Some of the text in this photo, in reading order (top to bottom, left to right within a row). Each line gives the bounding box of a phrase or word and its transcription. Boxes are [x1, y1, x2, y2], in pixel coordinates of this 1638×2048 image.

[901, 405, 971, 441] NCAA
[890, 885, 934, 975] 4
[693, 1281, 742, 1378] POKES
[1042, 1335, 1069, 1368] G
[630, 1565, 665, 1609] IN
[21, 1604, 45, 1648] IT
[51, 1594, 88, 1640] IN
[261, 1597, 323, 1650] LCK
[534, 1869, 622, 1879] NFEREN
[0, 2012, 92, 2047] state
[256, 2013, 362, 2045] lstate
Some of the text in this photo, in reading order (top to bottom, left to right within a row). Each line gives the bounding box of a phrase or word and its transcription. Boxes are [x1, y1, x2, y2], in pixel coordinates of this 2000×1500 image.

┄┄┄┄┄┄┄┄┄┄┄┄┄┄┄┄┄┄┄┄

__YOUR TASK__: Could you repeat every record above exactly as it is written?

__EXPECTED ANSWER__:
Some of the text in this photo, in reading order (top to bottom, left to right within a row). Each line gives the bounding box of a phrase or word and its transcription. Boxes are [x1, y1, x2, y2], in pixel coordinates of this 1638×2048 image.

[901, 405, 971, 441] NCAA
[890, 885, 934, 975] 4
[693, 1281, 742, 1378] POKES
[1042, 1335, 1069, 1368] G
[630, 1565, 665, 1609] IN
[21, 1604, 45, 1648] IT
[51, 1594, 88, 1640] IN
[261, 1597, 323, 1650] LCK
[534, 1869, 622, 1879] NFEREN
[0, 2012, 92, 2047] state
[256, 2013, 362, 2045] lstate
Some of the text in this photo, in reading order (top to bottom, left to right within a row). Each line gives the bounding box of a phrase or word and its transcription. Boxes are [x1, y1, x2, y2], in pixel coordinates of this 2000×1500 image.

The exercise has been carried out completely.